Si elle a surpris par son ampleur, qu’aucun institut de sondage n’avait mesurée, la victoire du parti conservateur au Royaume-Uni n’éclipse en rien les difficultés auxquels est confronté le Premier ministre David Cameron sur le plan interne comme sur ses relations avec l’UE.
Certes, David Cameron obtient la majorité absolue des sièges à la Chambre des communes. Encore faut-il préciser que ce résultat est la conséquence d’un mode de scrutin (uninominal majoritaire à un tour) particulièrement favorable aux grands partis et au parti conservateur en particulier, puisqu’il suffit d’arriver devant au premier tour pour remporter la circonscription. Or, l’effondrement des libéraux-démocrates a profité aux conservateurs tandis que les travaillistes ont pâti du succès fulgurant du parti national écossais en Ecosse, terre où ils réalisent généralement de très bons scores. Au final, sur l’ensemble du territoire, le parti conservateur totalise à peine 37% des voix (moins d’un point de plus qu’en 2010) contre 30,5% pour le parti travailliste (en hausse de 1.5 points).
Les Britanniques n’ont donc pas donné un blanc-seing massif à David Cameron. Le Premier ministre a en principe les mains libres au Parlement mais il devra tenir compte des véritables équilibres politiques et sociaux du pays s’il ne veut pas accentuer les divisions internes. Les résultats impressionnants du SNP, qui a remporté 56 sièges sur 59 en Ecosse et se montre encore plus hostile que le parti travailliste à la politique de rigueur menée par David Cameron, menacent incontestablement la cohésion du pays.
Surtout, David Cameron va être confronté à sa promesse de renégocier les termes de la participation du Royaume-Uni à l’UE et de la soumettre aux électeurs par référendum d’ici 2017. Cette promesse était parfaitement irresponsable, irréaliste et incompréhensible.
Irresponsable d’abord car David Cameron a cédé à la pression du parti populiste europhobe UKIP (qui s’est effondré lors de ces élections législatives) et de la frange eurosceptique du parti conservateur sans mesurer les conséquences pour son pays d’un éventuel « Brexit » (auquel les milieux financiers et économiques sont très opposés). Le plus grave est d’avoir décidé unilatéralement de soumettre l’appartenance du Royaume-Uni à l’UE à un référendum au résultat incertain sans concertation avec les États membres de l’UE et même sans les avertir, alors qu’ils sont nécessairement concernés par une telle décision.

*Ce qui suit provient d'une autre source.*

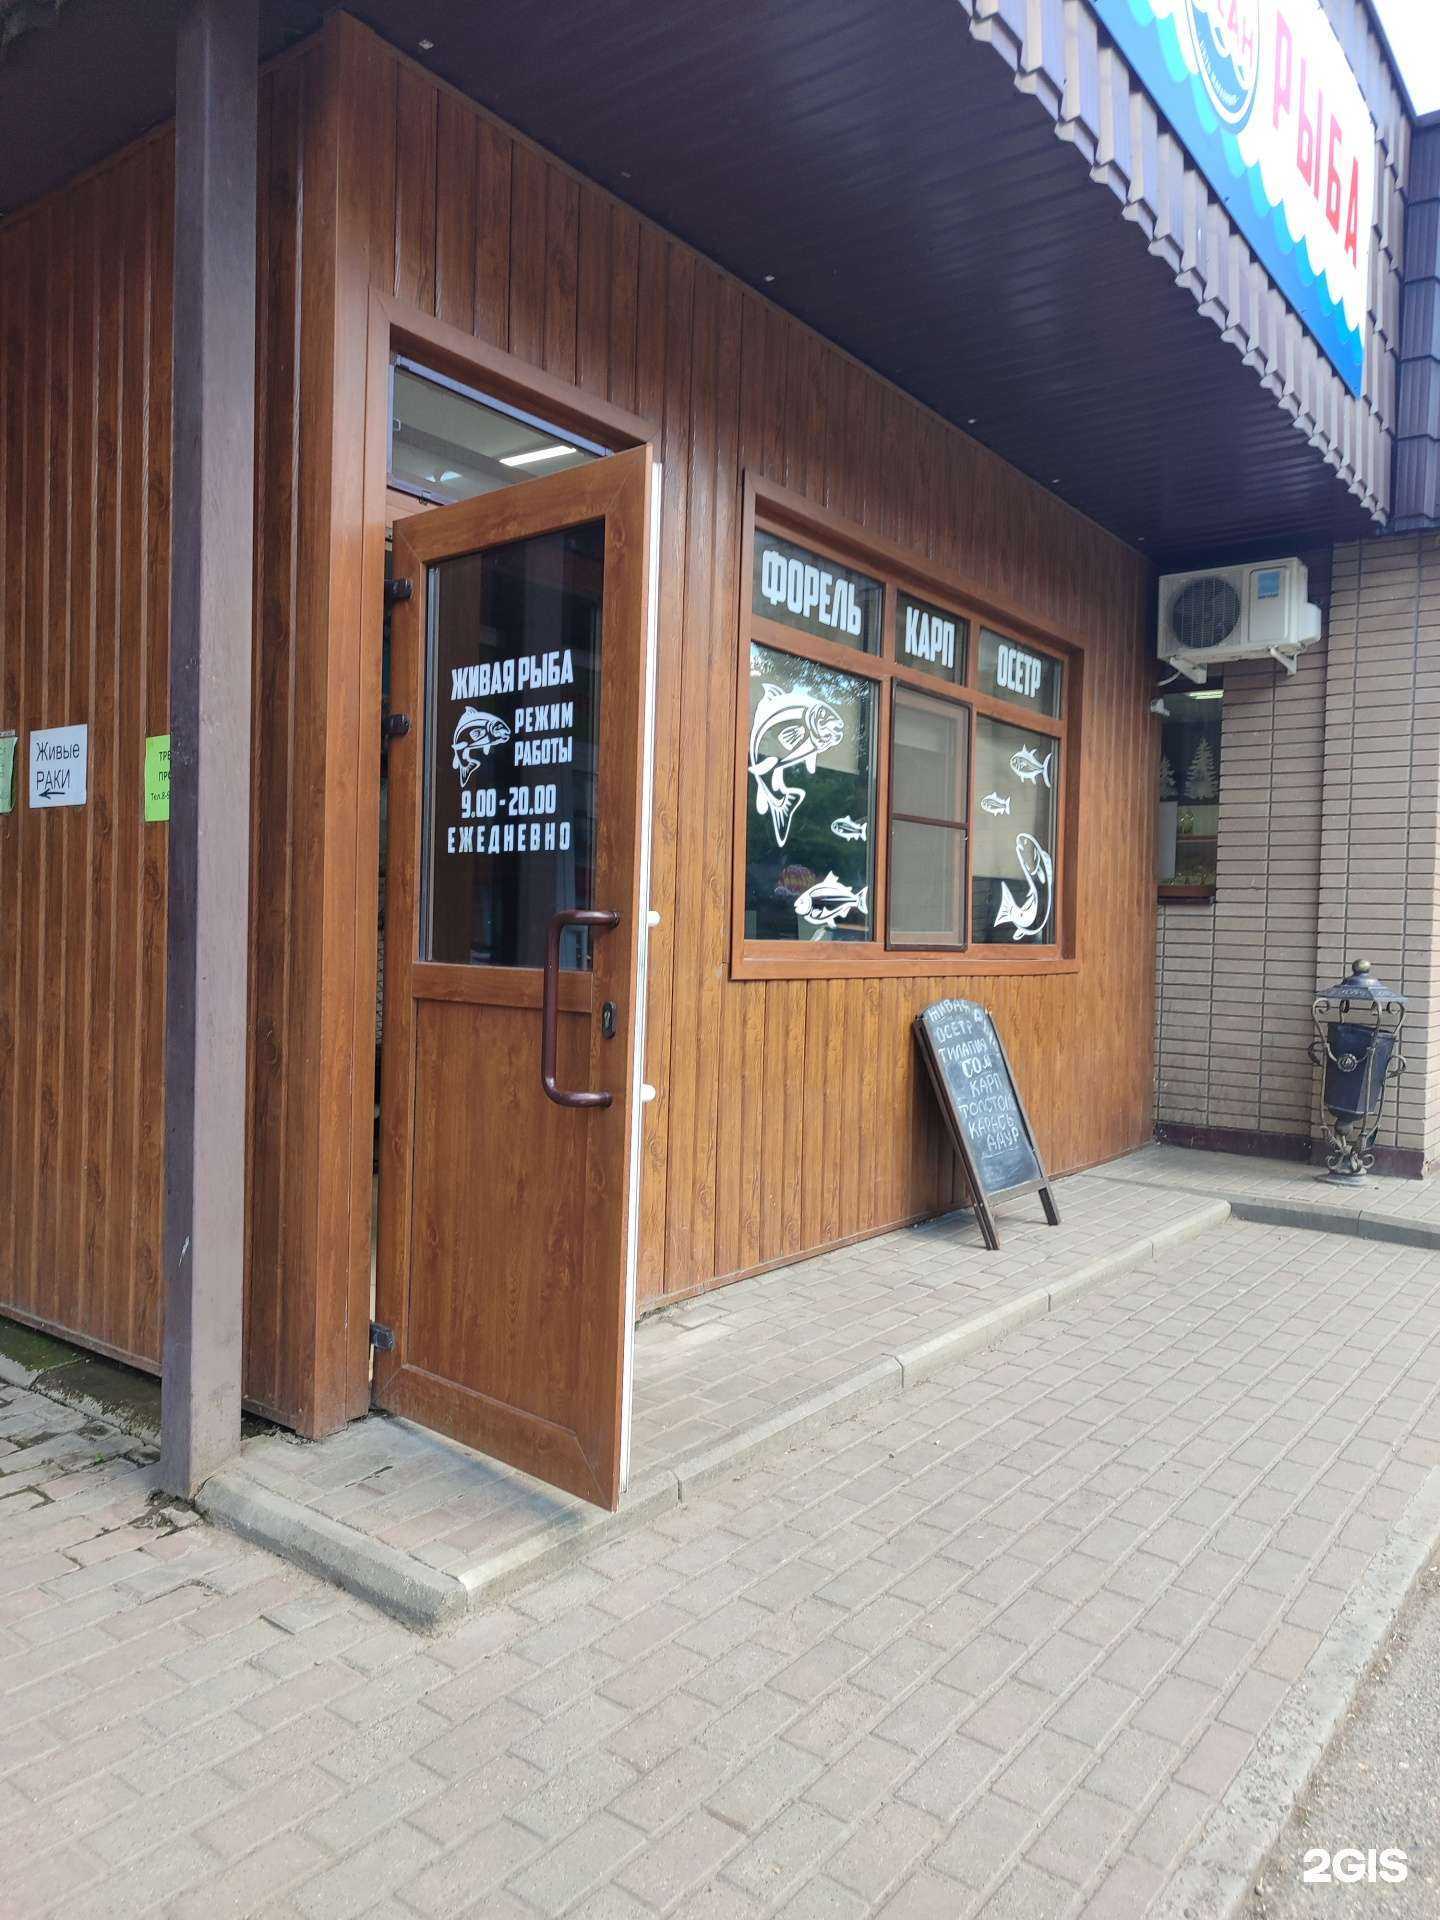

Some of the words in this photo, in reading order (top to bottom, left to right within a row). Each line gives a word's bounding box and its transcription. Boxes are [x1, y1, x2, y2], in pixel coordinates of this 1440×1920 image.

Irréaliste ensuite car David Cameron n’obtiendra pas le dixième de ce qu’il annonce vouloir renégocier. Il veut s’attaquer à la mobilité des citoyens européens, l’un des piliers de la construction européenne, réduire le budget européen qui ne représente déjà qu’à peine 1% du PIB européen et remettre en cause des politiques communes aussi fondamentales que la PAC. Un groupe de députés conservateurs veut même donner au Parlement britannique le droit de s’opposer à toute loi européenne, ce qui est inconcevable puisque l’UE toute entière n’existe que parce que les États membres ont accepté de lui transférer une part de leur souveraineté dans certaines matières. Il faudra s’opposer à toutes ces demandes qui risquent de créer un précédent et de transformer le projet européen en une simple Union à la carte où chaque pays peut s’affranchir des règles communes quand cela lui chante.
Incompréhensible ensuite car le Royaume-Uni bénéficie actuellement de multiples dérogations qui le mettent déjà en retrait de la construction européenne. Il est en effet le pays de l’UE qui a obtenu le plus d’ « opt-out » : il ne participe ni à l’espace Schengen, ni à l’Union économique et monétaire (zone euro, règles relatives au déficit et à la dette publique) ni à l’espace de liberté, de sécurité et de justice (qui permet notamment la coopération judiciaire et policière) ni à la Charte des droits fondamentaux de l’UE pour laquelle il a obtenu des restrictions d’application. Par ailleurs, le Royaume-Uni bénéficie d’une ristourne sur les versements qu’il devrait normalement verser au budget de l’UE compte-tenu de son revenu national brut. Dans ces conditions, on comprend difficilement comment le Royaume-Uni peut exiger de nouvelles dérogations alors que celles qu’il a déjà obtenues sont à la limite du raisonnable.
David Cameron n’aura donc pas la tâche facile pour tenir sa promesse de renégocier la participation du Royaume-Uni à l’UE. Le risque est qu’il utilise la menace du référendum pouvant potentiellement entrainer la sortie du Royaume-Uni de l’UE pour obtenir ce qu’il veut. Il ne faudra pas tomber dans son piège ! L’Allemagne vient de faire savoir qu’elle n’était pas disposée à discuter d’une modification des traités communautaires. La France doit faire la même réponse à M. Cameron.